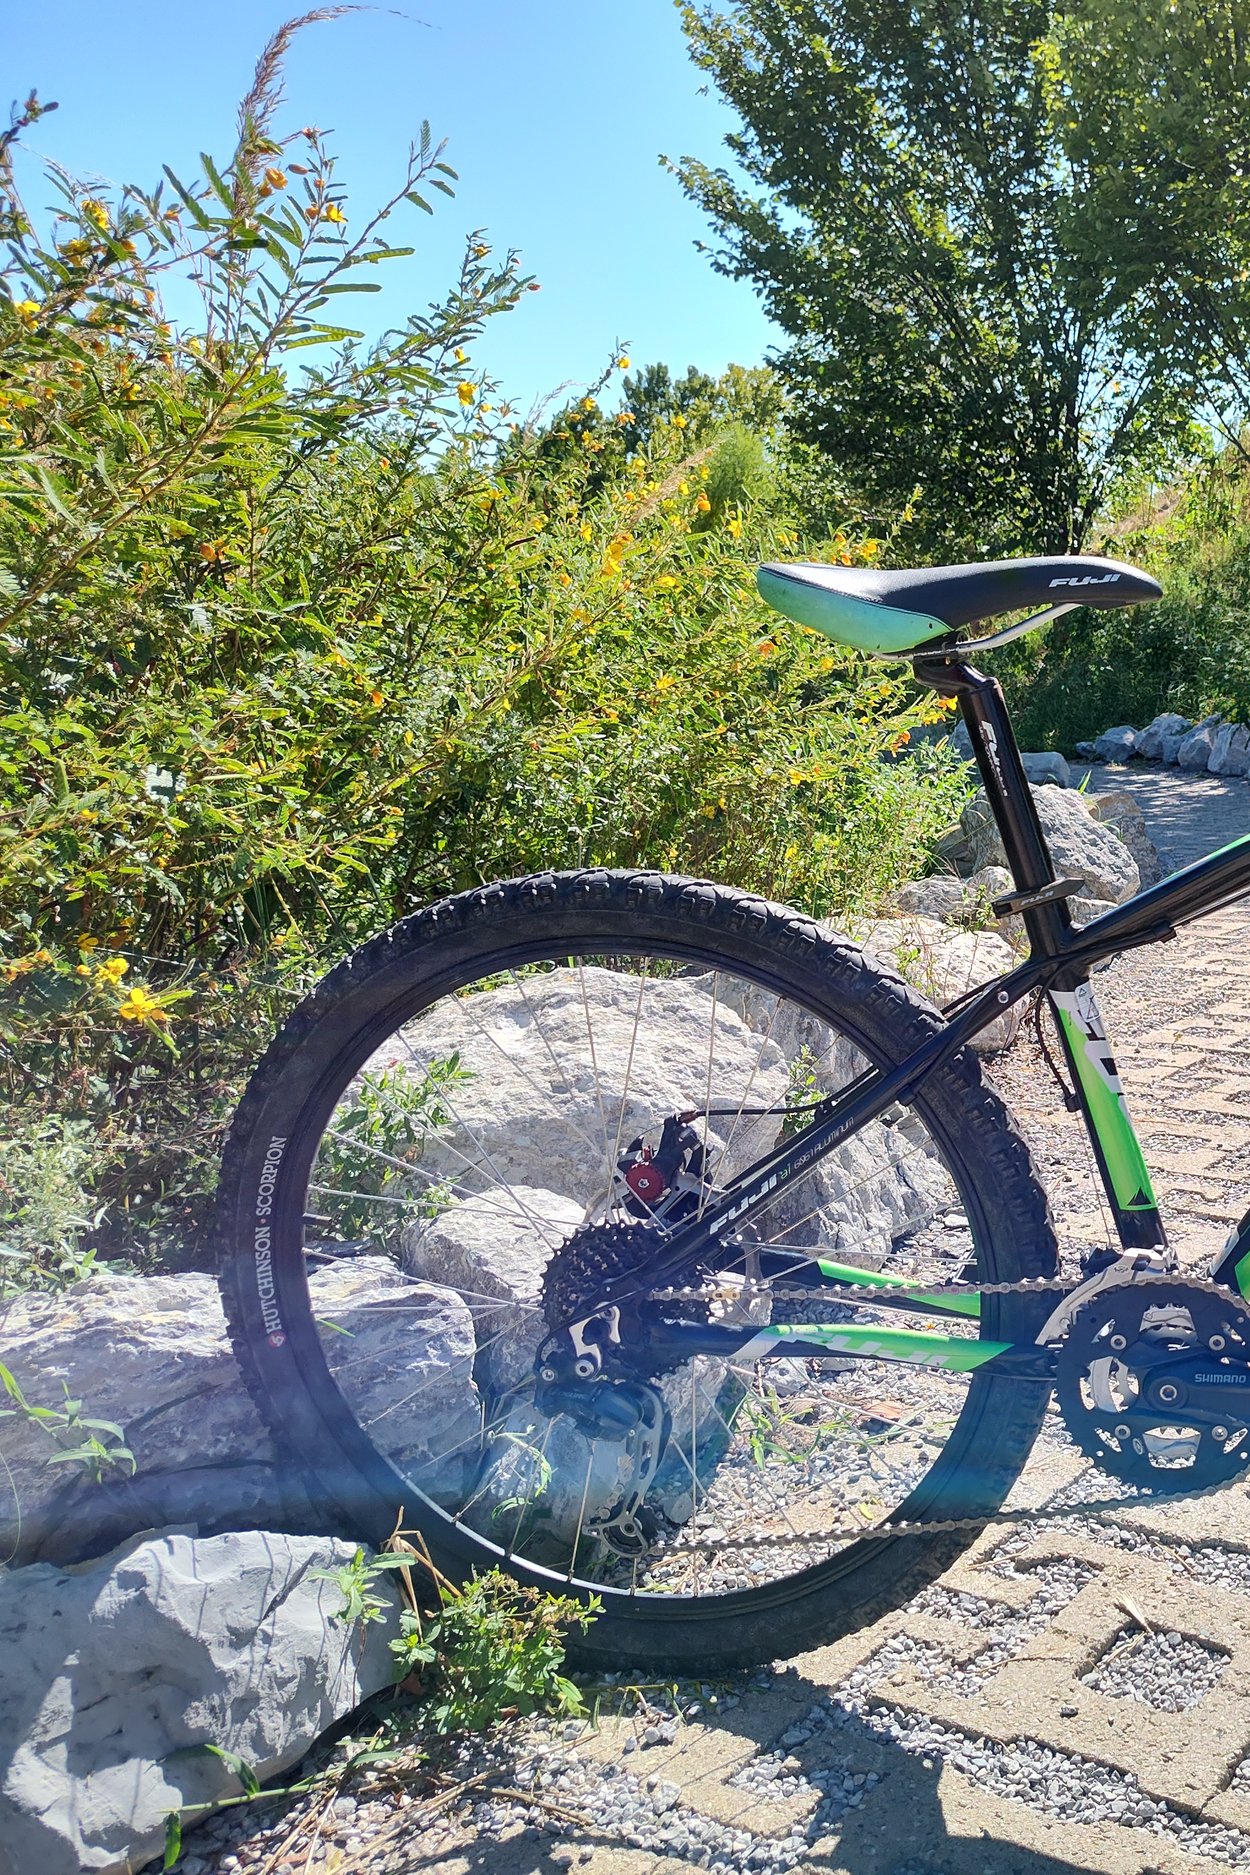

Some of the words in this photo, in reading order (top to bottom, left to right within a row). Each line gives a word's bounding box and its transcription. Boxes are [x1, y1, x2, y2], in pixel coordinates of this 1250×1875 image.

[1048, 573, 1121, 588] FUJI
[256, 1135, 288, 1216] SCORPION
[709, 1173, 777, 1235] FUJI
[254, 1226, 282, 1334] HUTCHINSON
[1194, 1373, 1247, 1384] SHIMANO

++++++++++++++++++++

Copy the lines above exactly. Do not include pictures.

• _Task answer_
Some of the words in this photo, in reading order (top to bottom, left to right within a row). Each line gives a word's bounding box and its transcription. Boxes are [x1, y1, x2, y2], in pixel coordinates of this 1250×1875 image.

[1048, 573, 1121, 588] FUJI
[256, 1135, 288, 1216] SCORPION
[709, 1173, 777, 1235] FUJI
[254, 1226, 282, 1334] HUTCHINSON
[1194, 1373, 1247, 1384] SHIMANO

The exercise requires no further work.